A Clinical Translational Approach to Understanding Oxytocin and Maternal-Infant Bonding in Postpartum Mothers with Opioid Use Disorder

Abstract

It is currently unknown whether oxytocin mechanisms, the hormone underlying maternal bonding, are altered when there is a damaged reward system from opioid use disorder (OUD), and the impact this may have on the maternal/infant bonding relationship. This is a critical gap in the literature that this dissertation seeks to investigate. In paper 1, a scoping review found in the clinical literature that those with OUD had lower levels of endogenous oxytocin, and overall that exogenous oxytocin may benefit individuals with substance use disorders, particularly those with an alcohol use disorder or OUD. In paper 2, a study found no significant differences in mean oxytocin levels between mothers with (n=6) and without OUD (n=7) before (mean difference: 15.23 pg/mL, p=0.271, d = 0.67) or after a caregiving activity (post activity 1: 11.26, (p=0.441, d=0.78; post activity 2: p=0.320, d=1.14).
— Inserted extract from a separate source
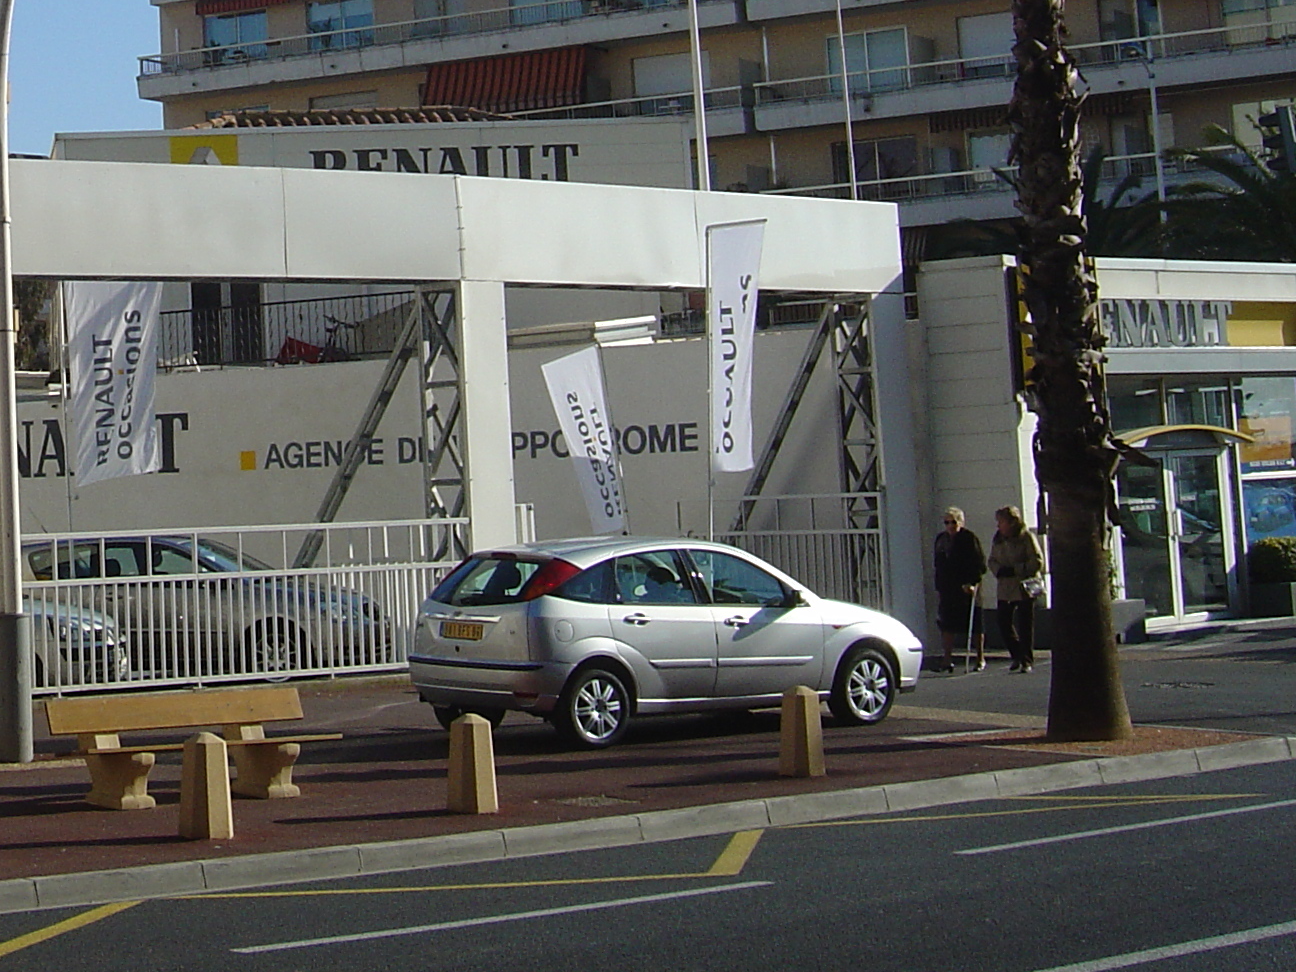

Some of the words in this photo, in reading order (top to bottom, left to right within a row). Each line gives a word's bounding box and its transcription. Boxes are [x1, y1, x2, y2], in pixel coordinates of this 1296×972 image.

[117, 309, 141, 459] occasions
[1102, 299, 1232, 347] ENAULT
[92, 334, 114, 466] RENAULT
While bonding measures did not significantly differ, there was a marginal non-significant difference after the caregiving activity (p=0.065), where mothers with OUD reported feeling 100% connected to their baby, compared to 86.9% among those without OUD; suggesting a possible disconnect between the physiological oxytocin response and subjective connection. Additionally, in paper 3 a multivariate linear regression showed that psychological distress emerged as the strongest predictor of bonding (p<0.000), with oxytocin showing no significant effect in either group (n=24 with OUD, n=17 without OUD). Adverse childhood experiences influenced bonding only among those without OUD (p=0.004), while among those with OUD higher adversity scores were associated with less impaired bonding, though these findings were not significant. Given the small sample sizes and limited statistical power, future research should examine resilience factors that may contribute to oxytocin regulation, bonding, and potential translational interventions for high-risk populations.